One person's history is another person's punchline. Since I've been here, I've been informed that I'm a pretty cool guy, despite being from the "land of fruits and nuts."

Castle Hill

In the mid 1850s in Bastrop, Texas, about an hour east of Austin (in the vicinity of the Guyton Ranchette), the Texas Military Institute was founded. The TMI was suspended during the Civil War, and during Reconstruction, Bastrop didn't have the cash to repair damage that was caused by a fire. The Northern occupiers/overseers weren't too keen on letting a military-type institute get rekindled, but the capital city--Austin--provided a large sum of money in gold, and the TMI was reopened on the outskirts of town in a brand new structure in the late 1870s.

That's one story. Here's a second story:

On a Saturday I would be working later, I was telephoned by a friend inviting me out for quick round of disc golf--a quick nine holes, and back in time for lunch and a shower. I accepted, and was escorted to Pease Park, home to a beautiful, if tree covered, disc-golf course. Much to our surprise, the corse was overrun, and not simply by weekend warriors, it was in fact a professional tournament, and the vast number of golfers waiting to throw was discouraging. Not this day, we decided, and my friend offered to buy me a beer as consolation. I accepted, and was escorted on a quick turnaround maneuver; a quick right turn up a hill, another right, and then a third, back down the hill and into a parking lot. On the middle plateau on that quick turnaround I looked up and saw this:



Most Austinites I've asked about this castle don't know what I'm talking about and don't understand where the neighborhood gets its name. The ones that have seen it were as perplexed about it as I, and even Wikipedia is at a loss on this one.

This neighborhood of Austin, around 12th and Lamar, is called Castle Hill, with good reason, if you're constantly in the shadows of that. On my second Shoal Creek Trail ride I made one goal to get over to it and take pictures, climb up as far as I could, find out what I could...What I didn't do beforehand was proper research; I did that after.

The Castle was the original structure that was used for the TMI once it moved to Austin, built on a hill overlooking Shoal Creek. It is accessible from 11th, farther up the hill. The TMI was absorbed into the ROTC sometime after WWII, and the castle lost a tower to fire after generally being abandoned. It was purchased recently and has had a few tenants, usually real estate brokers or architects, between times of emptiness.

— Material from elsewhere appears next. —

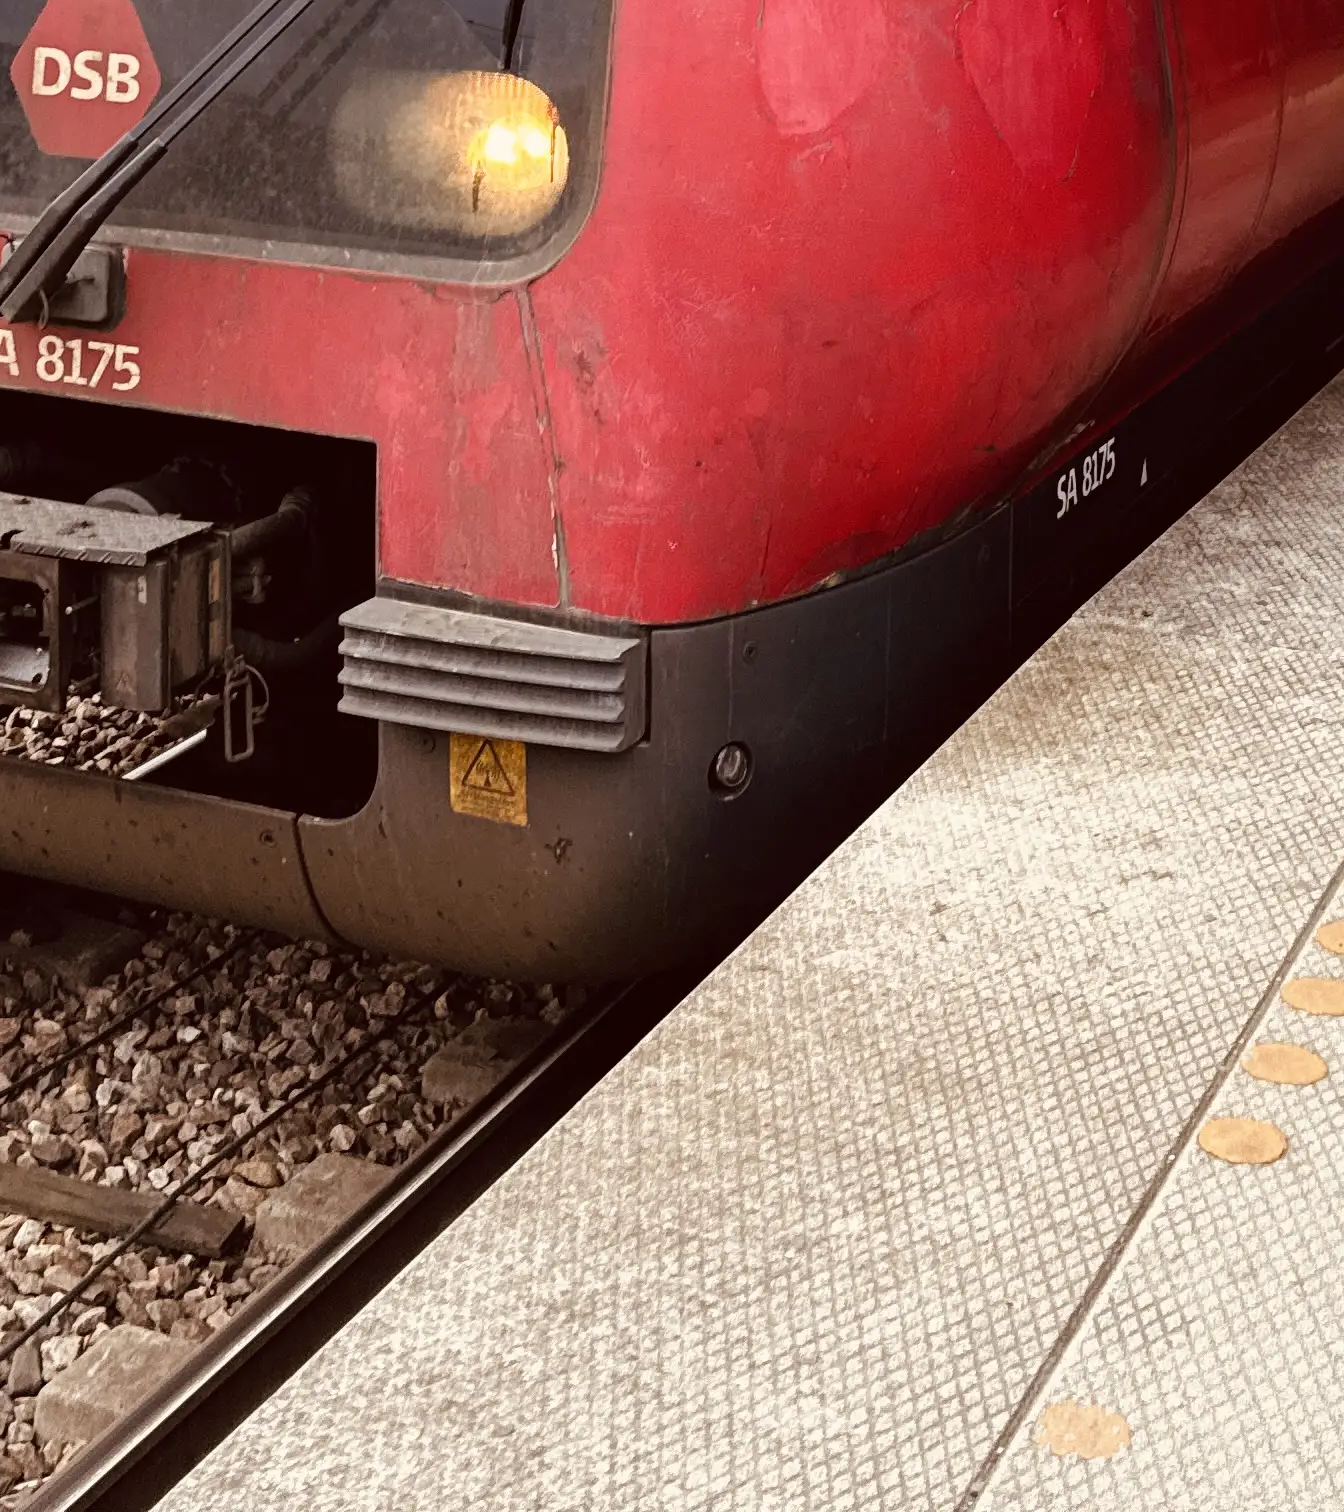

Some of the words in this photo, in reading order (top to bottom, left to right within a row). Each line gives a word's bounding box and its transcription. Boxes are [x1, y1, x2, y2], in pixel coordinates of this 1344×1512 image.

[31, 46, 141, 104] DSB
[36, 334, 142, 391] 8175
[1057, 467, 1078, 519] SA
[1082, 437, 1116, 497] 8175

In the following pictures the strange concrete and weed moat that seems to surround it is the abandoned foundations of a failed condo project. It took me twenty minutes to pick the burrs out of my leg hairs, and another forty when I got home to pluck them off my socks.

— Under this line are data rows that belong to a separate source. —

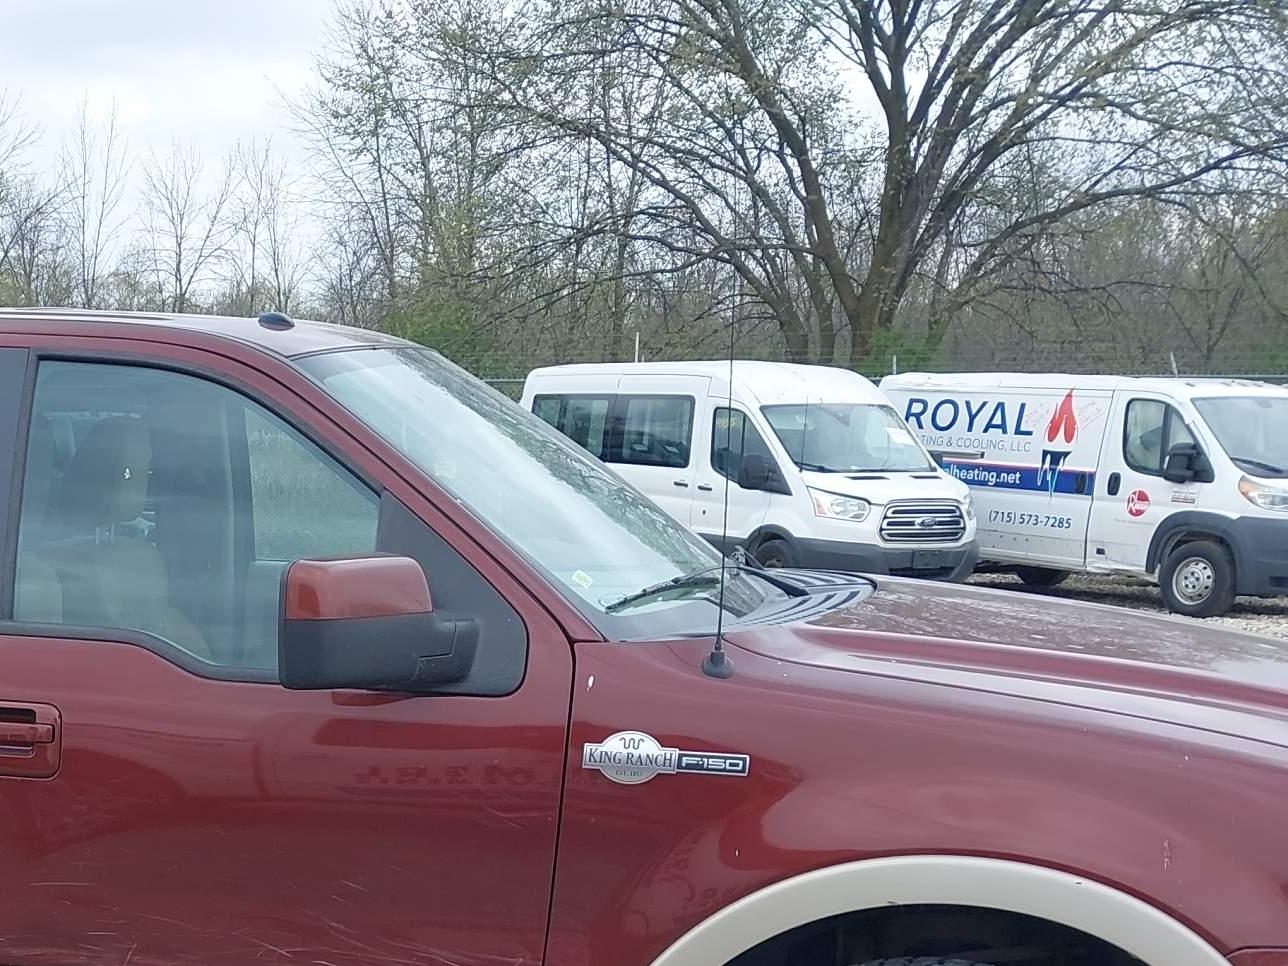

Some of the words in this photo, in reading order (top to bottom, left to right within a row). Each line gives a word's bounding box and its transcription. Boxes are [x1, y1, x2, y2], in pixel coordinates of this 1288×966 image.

[905, 398, 1033, 436] ROYAL
[916, 434, 944, 447] TING
[946, 436, 953, 447] &
[956, 437, 1007, 452] COOLING,
[1011, 440, 1032, 453] LLC
[988, 509, 1016, 526] (715)
[1018, 512, 1072, 529] 573-7285
[588, 747, 622, 765] KING
[626, 751, 673, 768] RANCH
[681, 756, 743, 770] F-150
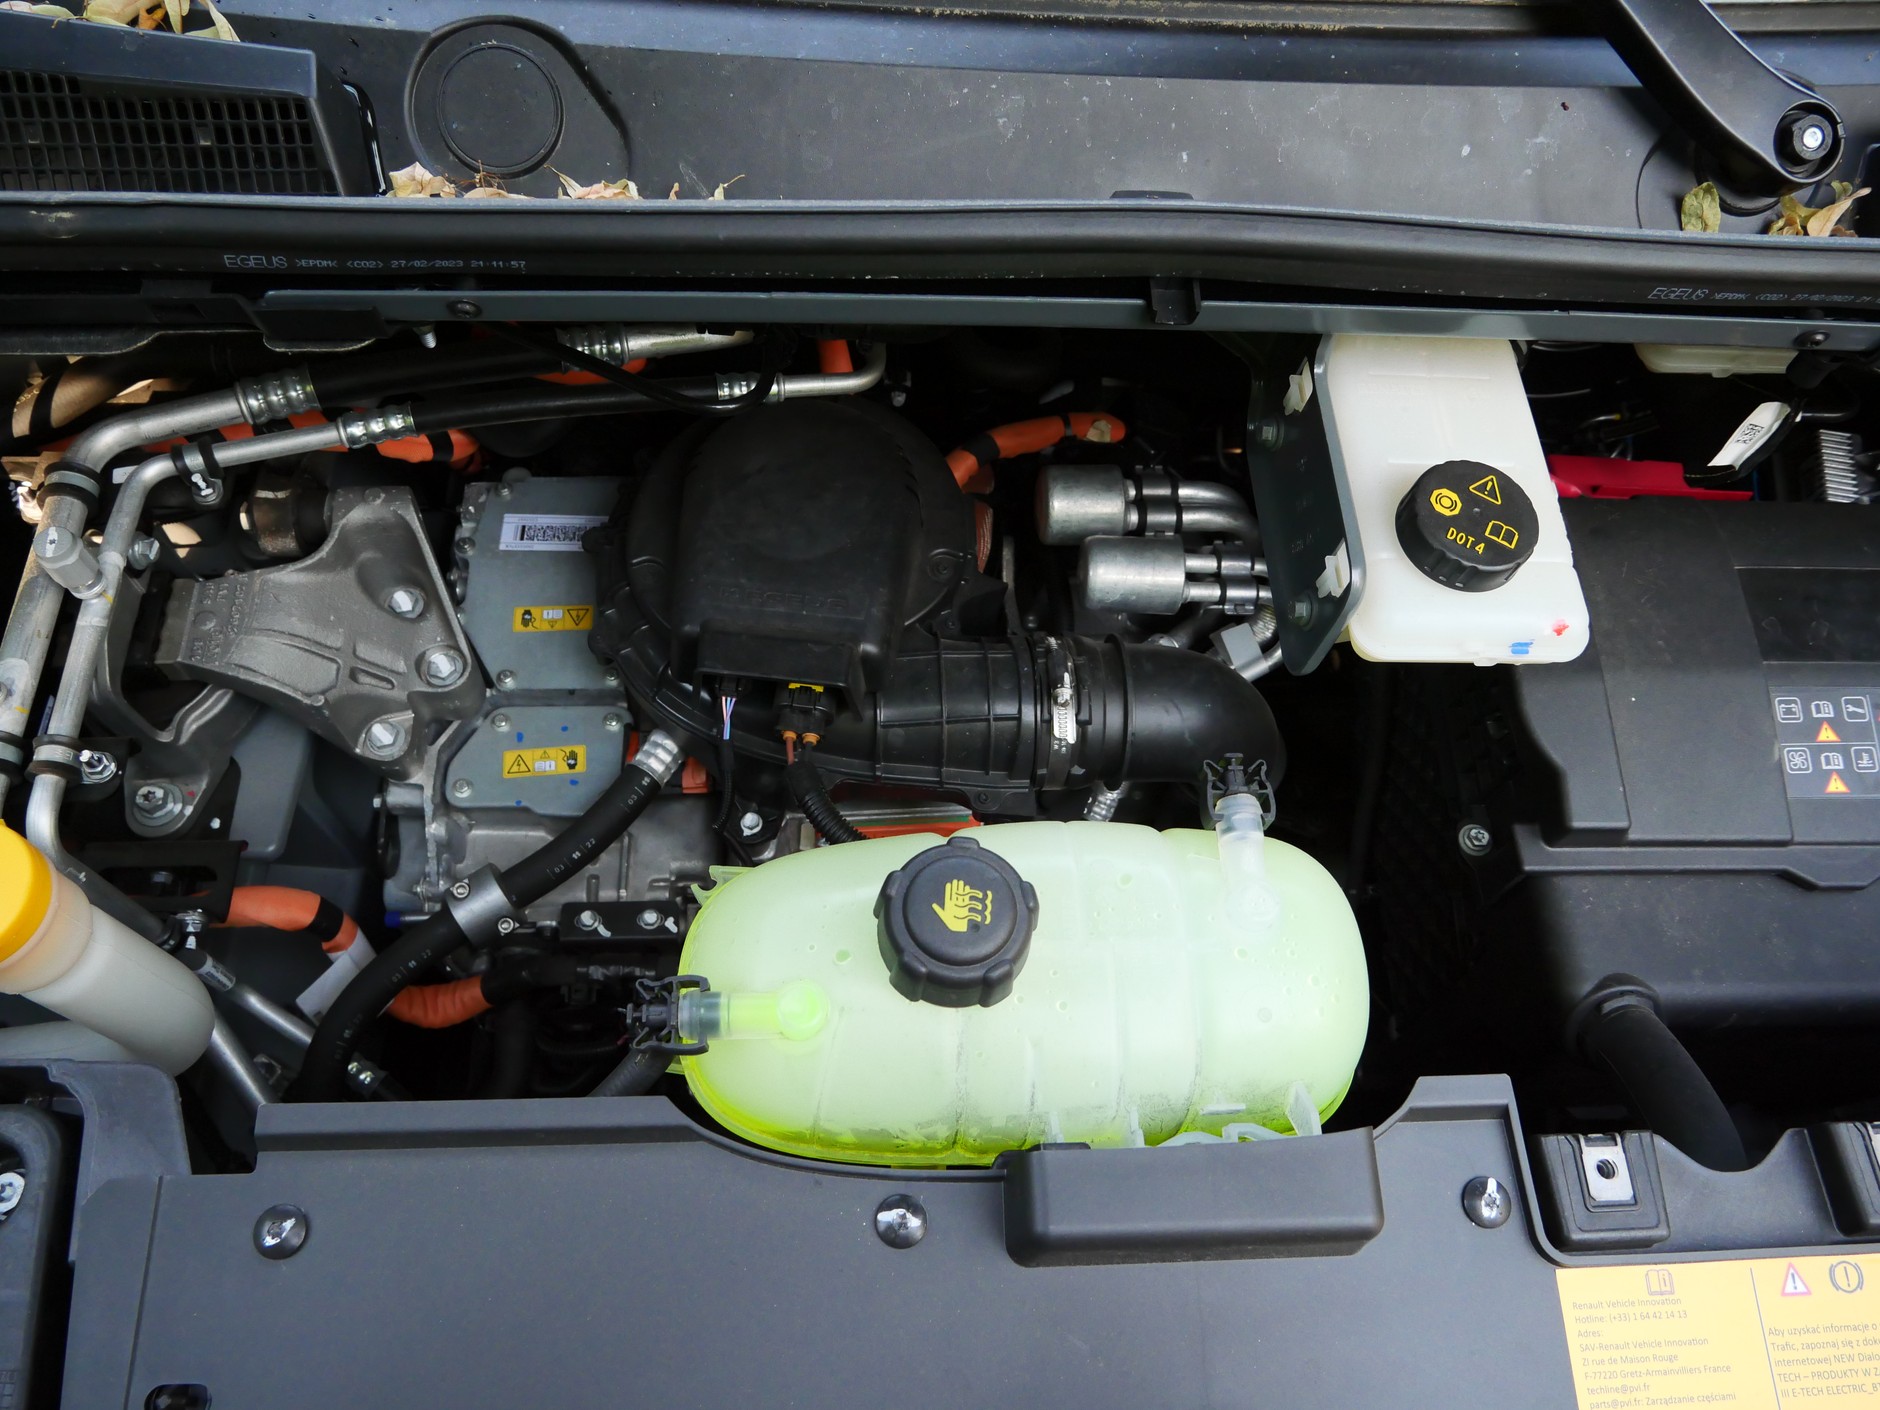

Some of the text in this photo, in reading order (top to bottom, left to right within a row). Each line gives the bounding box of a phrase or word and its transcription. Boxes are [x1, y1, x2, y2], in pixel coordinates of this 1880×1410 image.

[224, 254, 288, 269] EGEUS
[391, 259, 464, 268] 27/02/2023
[1648, 287, 1709, 300] EGEUS
[1572, 1296, 1682, 1311] Renault Vehicle Innovation
[1574, 1313, 1608, 1325] Hotline:
[1609, 1312, 1631, 1324] (+33)
[1639, 1311, 1651, 1321] 64
[1652, 1311, 1663, 1320] 42
[1665, 1310, 1675, 1319] 14
[1677, 1309, 1688, 1319] 13
[1577, 1329, 1604, 1339] Adres:
[1768, 1326, 1785, 1338] Aby
[1787, 1324, 1821, 1337] uzyskać
[1822, 1322, 1870, 1335] informacje
[1579, 1337, 1709, 1353] SAV-Renault Vehicle Innovation
[1771, 1341, 1799, 1353] Trafic,
[1801, 1339, 1840, 1352] zapoznaj
[1841, 1338, 1854, 1350] się
[1591, 1358, 1606, 1366] rue
[1607, 1355, 1618, 1365] de
[1620, 1354, 1651, 1365] Maison
[1652, 1352, 1679, 1364] Rouge
[1774, 1354, 1832, 1368] internetowej
[1833, 1353, 1855, 1364] NEW
[1584, 1364, 1732, 1381] F-77220 Gretz-Armainvilliers France
[1777, 1372, 1801, 1383] TECH
[1811, 1368, 1859, 1381] PRODUKTY
[1861, 1367, 1872, 1377] W
[1872, 1366, 1880, 1376] Z
[1587, 1382, 1651, 1396] techline@pvi.fr
[1791, 1386, 1824, 1398] E-TECH
[1589, 1391, 1738, 1410] parts@pvi.fr: Zarządzanie częściami

I guess I just try to find out cities' strange sights and histories...that information seeks me out, using me to convey it to the greater world I suppose...

Here are some more cool pictures:




Biking the Shoal Creek Trail

One evening I had some time to myself, and decided I was going to watch the Austin Aztex, the local minor league professional soccer team, have their game, but was going to watch through the fence, kinda circumventing the purchasing of a ticket. That's not fair to them, of course, and after a few minutes I felt lame, and moved on.

And by moved on, I mean, I got back on the Shoal Creek Trail and kept riding a bicycle found at my house. Austin's Shoal Creek runs on a meandering path through the city on the north-south axis, and some years back a hiking/biking trail was built along it. Many spots are beautifully concealed areas of pure nature, and a visitor would never guess that one of Austin's main thoroughfares, Lamar, is right on the other side of the thicket of vegetation.

Technically the Shoal Creek Trail starts at 38th Street and runs all the way to Town Lake, as the dam-induced bulging of our version of the Colorado River is called, right south of 1st Street. At 32nd Street, the trail gets away from off-the-beaten-path streets and into the nature area, right up along the curving creek. From there it goes through Pease Park (the sight of Eeyore's Birthday Party and a nice disc golf course), past House Field (home of the Aztex), where it takes on a more urban feel, almost a mix of secret New Orleans tunnels and locals-only saloons. After a few switch-backs and road crossings, you get to the water.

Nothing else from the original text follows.